* EXERCISE DIRECTIONS
Once the images are removed, repeat all of the entries exactly.

* PROVIDED RECORDS
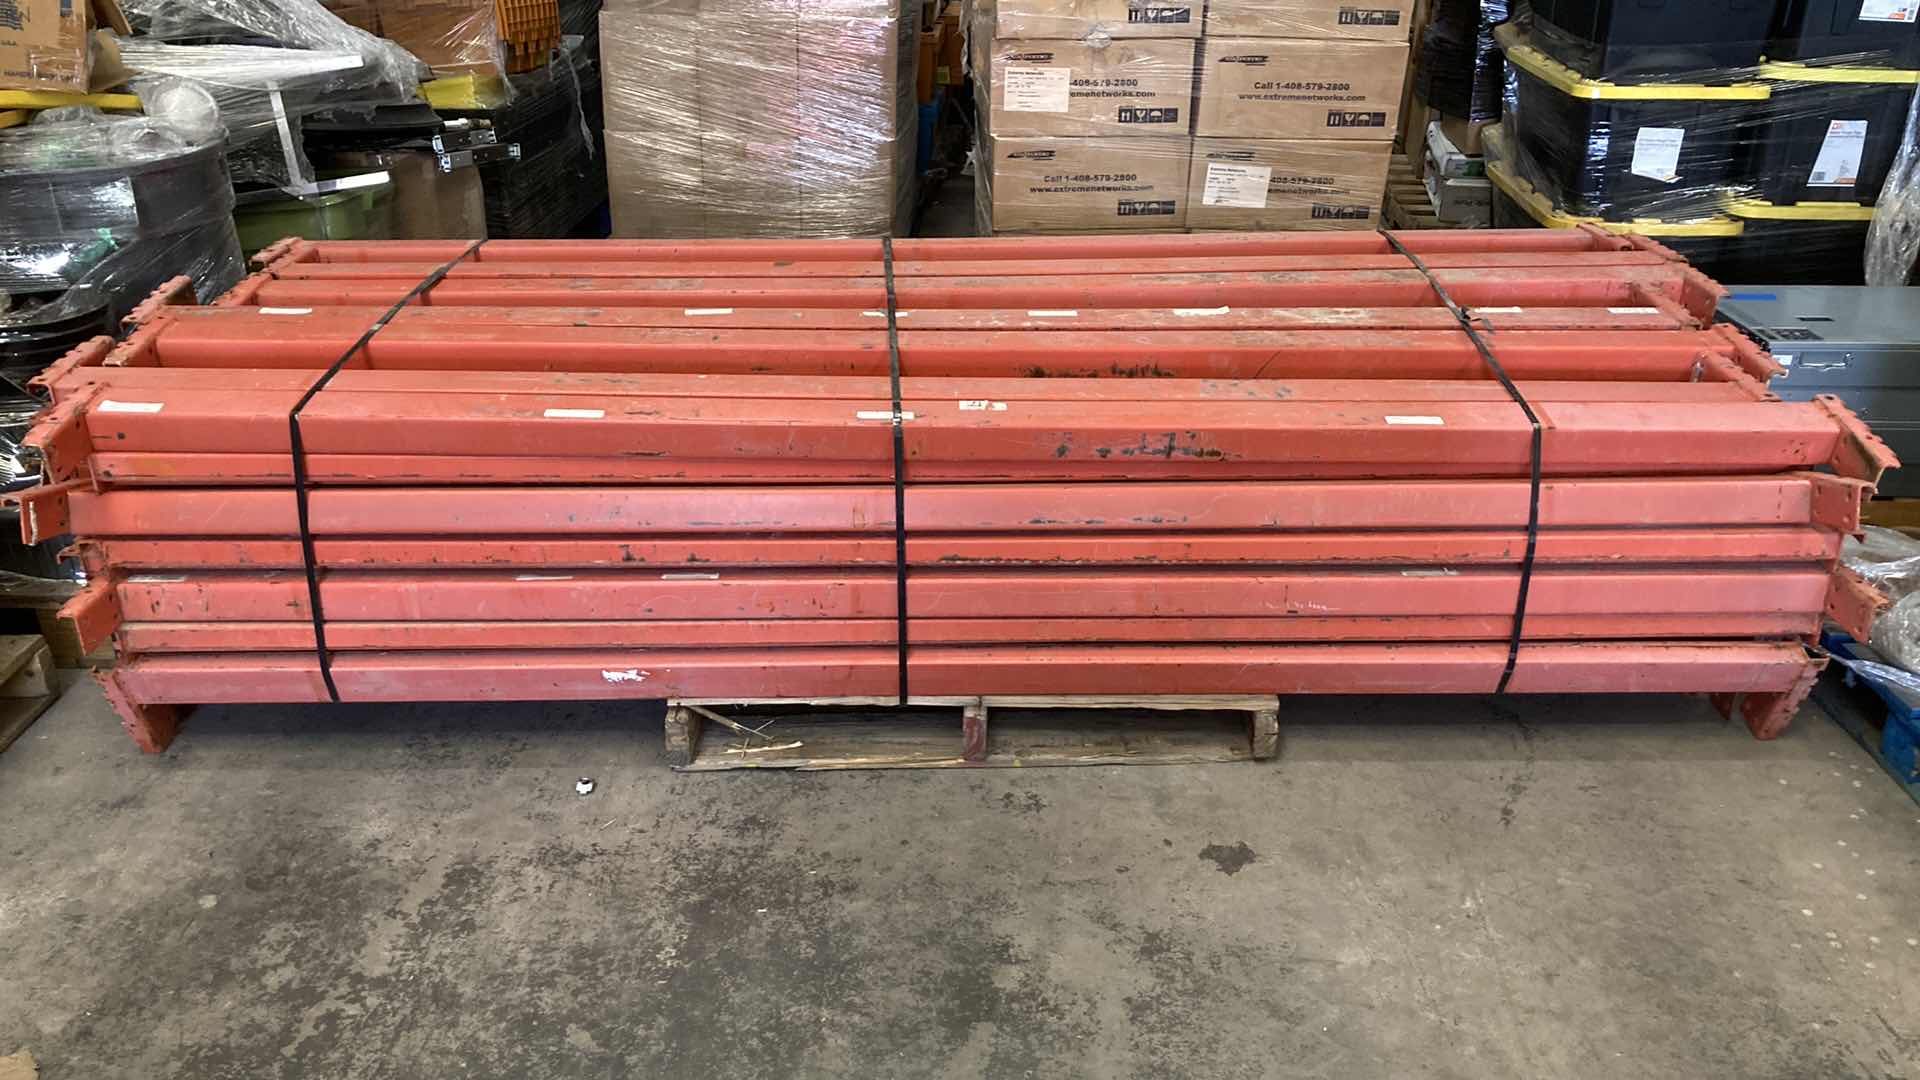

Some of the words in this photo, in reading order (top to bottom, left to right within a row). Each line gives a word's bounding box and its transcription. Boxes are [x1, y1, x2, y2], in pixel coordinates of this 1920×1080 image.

[1069, 78, 1139, 87] -408-579-2800
[1253, 81, 1273, 90] Call
[1274, 82, 1351, 91] 1-408-579-2800
[1238, 93, 1366, 102] www.extremenetworks.com
[1043, 174, 1062, 183] Call
[1065, 174, 1137, 182] 1-408-579-2800
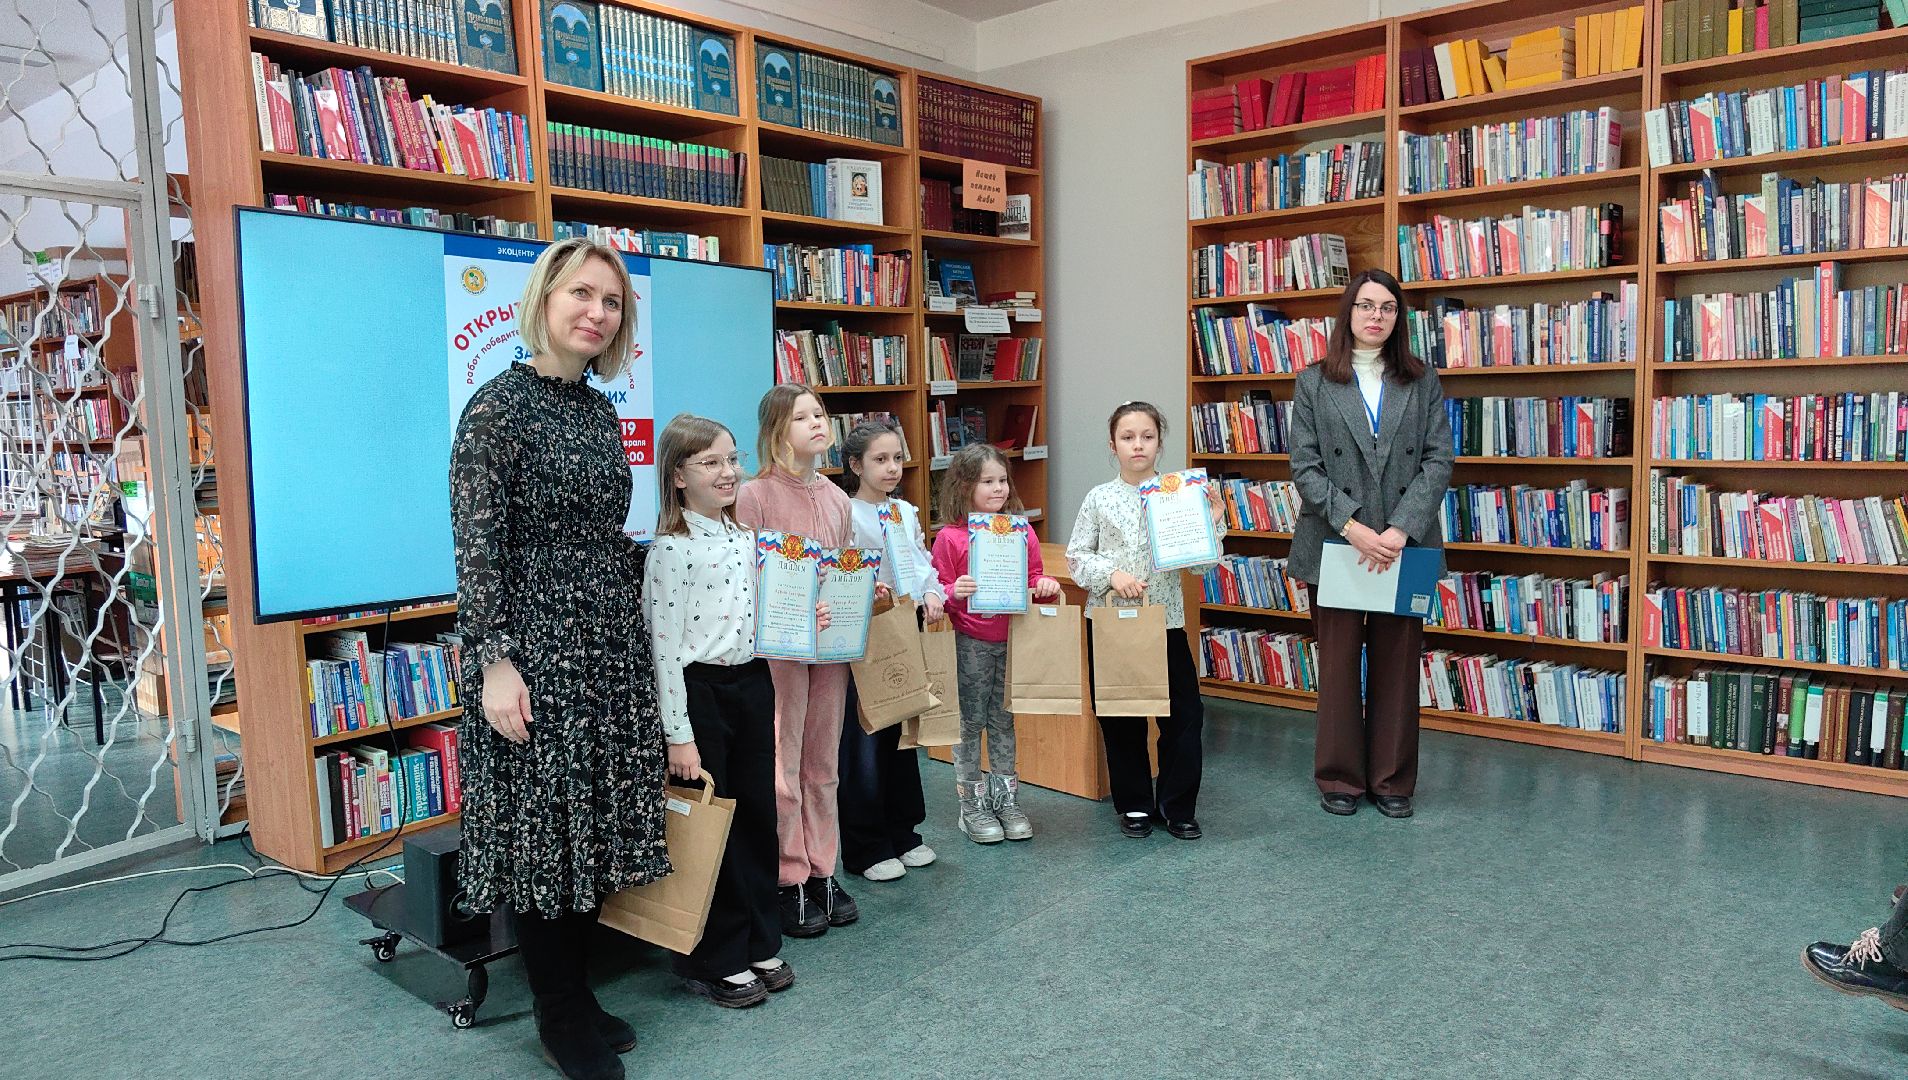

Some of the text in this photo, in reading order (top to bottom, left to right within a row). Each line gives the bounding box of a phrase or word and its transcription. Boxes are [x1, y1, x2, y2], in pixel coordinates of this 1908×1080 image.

* YOUR RESPONSE
Some of the words in this photo, in reading order (top to bottom, left to right within a row). Each line gives a word's bounding box and its transcription. Boxes are [x1, y1, x2, y2], in pixel coordinates of this 1920×1080 image.

[1069, 78, 1139, 87] -408-579-2800
[1253, 81, 1273, 90] Call
[1274, 82, 1351, 91] 1-408-579-2800
[1238, 93, 1366, 102] www.extremenetworks.com
[1043, 174, 1062, 183] Call
[1065, 174, 1137, 182] 1-408-579-2800

Some of the text in this photo, in reading order (top to bottom, left to right within a row). Each line gives the bounding box of a phrase or word and its transcription. Boxes are [x1, y1, x2, y2], in pixel coordinates of this 1908×1080 image.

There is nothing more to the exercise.